Types of Interferences
There are two main types of interferences: isobaric and polyatomic. Isobaric interferences refer to different elements whose
isotopes share a common mass. For example, both Fe and Ni have isotopes at mass 58. Therefore, any signal measured at m/z 58 will have contributions from both Fe and Ni.
Polyatomic interferences result from the combination of two or more isotopes from different elements, which usually occur
in the plasma. The elements that form the polyatomic interferences usually result from the sample matrix, sample diluent,
and argon itself. An example of a polyatomic interference is ArCl+ on As+ , both of which occur at m/z 75. The ArCl+ forms from a combination of Ar in the plasma and Cl from the sample matrix or diluent; if no Cl is present, then ArCl+ will not form, and As will be interference-free.

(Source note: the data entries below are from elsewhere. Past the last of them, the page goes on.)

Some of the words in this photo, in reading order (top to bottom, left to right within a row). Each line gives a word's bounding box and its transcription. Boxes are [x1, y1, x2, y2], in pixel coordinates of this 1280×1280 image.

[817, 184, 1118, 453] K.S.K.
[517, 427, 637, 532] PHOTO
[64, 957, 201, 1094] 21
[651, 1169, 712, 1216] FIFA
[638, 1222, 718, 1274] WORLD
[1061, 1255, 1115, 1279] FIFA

The Easy Solution . . . : Because ICP-MS has the ability to measure multiple isotopes, the easy solution is to measure another isotope that does not
suffer from interferences. For the Fe/Ni example, this would be easy: 60 Ni does not suffer from any isobaric interferences. Because all elements (with the exception of In) have at least one isotope
that does not have an isobaric interference, this would appear to be a simple solution.

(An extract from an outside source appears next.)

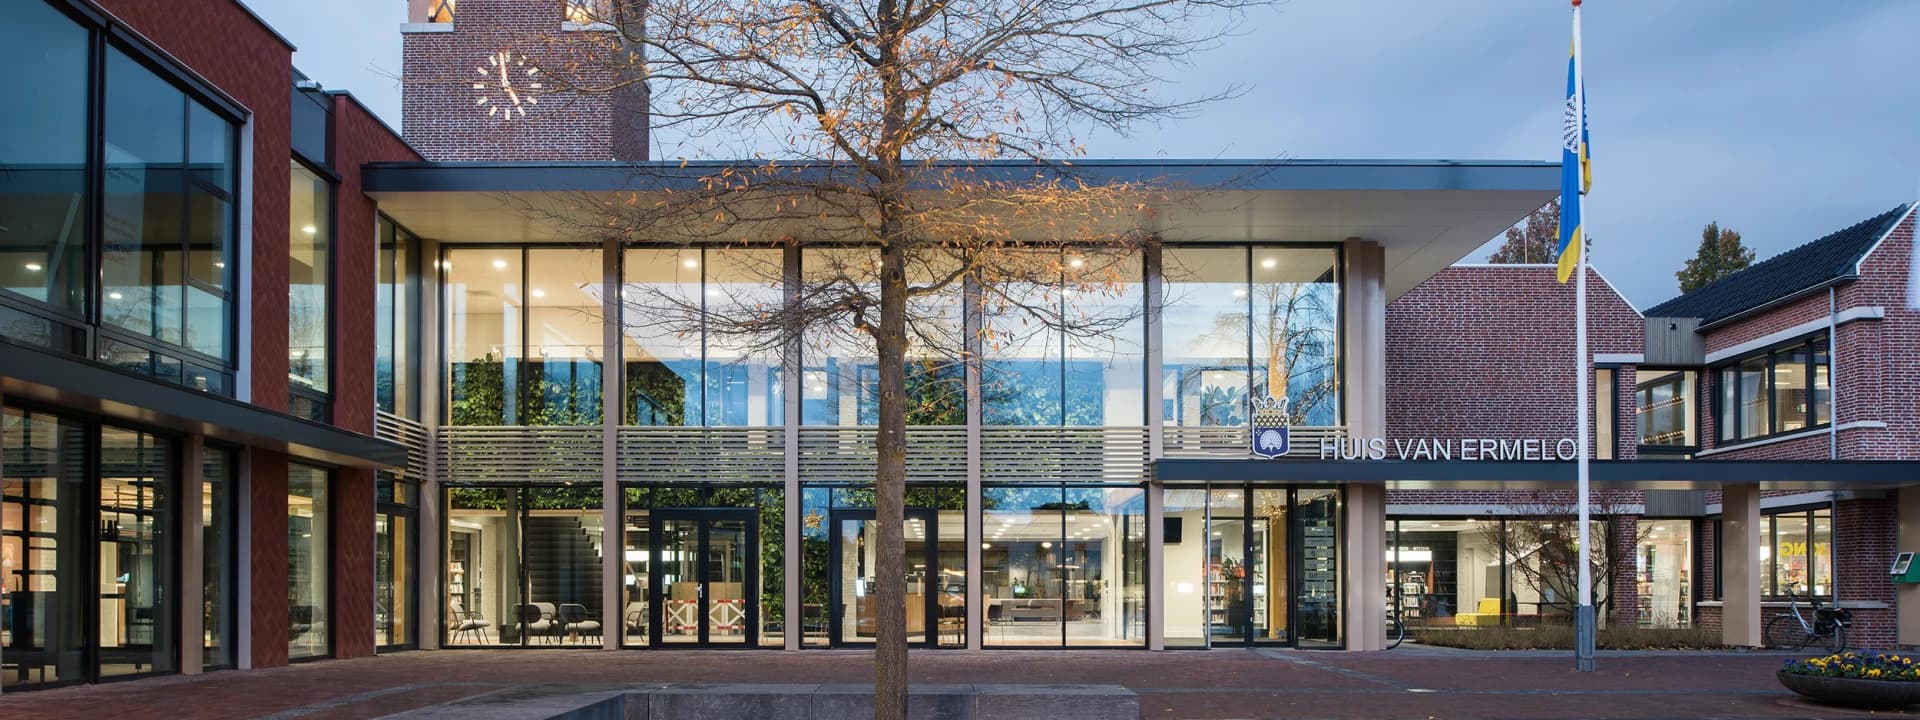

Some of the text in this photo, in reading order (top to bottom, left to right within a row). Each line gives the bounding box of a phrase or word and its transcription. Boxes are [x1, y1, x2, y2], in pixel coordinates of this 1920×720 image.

. . . Isn't Always So Easy: Unfortunately, the solution isn't always this simple: 60 Ni suffers from the polyatomic interference CaO+ , which originates from calcium-containing samples. Also consider the ArCl+ interference on As: As has only one isotope, so choosing As isotope without interference is not an option.
But There Is Another Solution: We can take advantage of the fact that most elements have multiple isotopes to correct mathematically for both isobaric and
polyatomic interferences. By considering the natural abundance of different isotopes and measuring the intensity of a noninterfered
isotope, we can calculate the extent of the interference and subtract this contribution to yield the concentration.
Let's look at Cd as an example. The most abundant isotope of Cd is m/z 114 (28.73%). But Sn also has a minor isotope at m/z 114 (0.65%). This means that any intensity at m/z 114 is a contribution from both Cd and Sn. However, Sn has other isotopes which are interference-free, such as m/z 118 (24.23%). Therefore, we can measure Sn at m/z 118 and calculate its contribution to the signal at m/z 114.
Let's look at this in mathematical terms:
I(m/z 114) = I(114 Cd) + I(114 Sn) 
where I = intensity
I(114 Cd) = I(m/z 114) − I(114 Sn) 
To figure out the contribution of Sn to the signal at m/z 114, we take into account the natural abundance of both 114 Sn and 118 Sn and the signal intensity of 118 Sn:
I(114 Sn) = [A(114 Sn)/A(118 Sn)] × I(118 Sn) 
where A = abundance
I(114 Sn) = [0.65/24.23] × I(118 Sn) 
I(114 Sn) = 0.0268 × I(118 Sn) 
Substituting this expresession into equation 2 yields the following:
I(114 Cd) = I(m/z 114) − 0.0268 × I(118 Sn) 
This equation can be entered into the instrument software so that the correction is automatically performed online.
This strategy is also applicable to polyatomic interferences, where alternate isotopes of the interference can be measured.
For example, Cl contains two isotopes: m/z 35 (75.77%) and m/z 37 (24.23%). Therefore, if correcting for the 35 Cl40 Ar+ interference on As at m/z 75, the signal for the 37 Cl40 Ar+ ion at m/z 77 can be used, as described earlier.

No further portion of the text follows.